*** Supplied records Section Begins ***
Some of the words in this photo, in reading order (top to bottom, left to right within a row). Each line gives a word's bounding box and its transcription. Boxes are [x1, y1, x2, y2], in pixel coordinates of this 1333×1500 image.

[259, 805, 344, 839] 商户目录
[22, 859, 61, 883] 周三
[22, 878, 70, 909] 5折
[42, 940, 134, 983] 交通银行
*** Supplied records Section Ends ***
> [Exercise brief] Set down the records again without altering a word.

> [Task solution]
Some of the words in this photo, in reading order (top to bottom, left to right within a row). Each line gives a word's bounding box and its transcription. Boxes are [x1, y1, x2, y2], in pixel coordinates of this 1333×1500 image.

[259, 805, 344, 839] 商户目录
[22, 859, 61, 883] 周三
[22, 878, 70, 909] 5折
[42, 940, 134, 983] 交通银行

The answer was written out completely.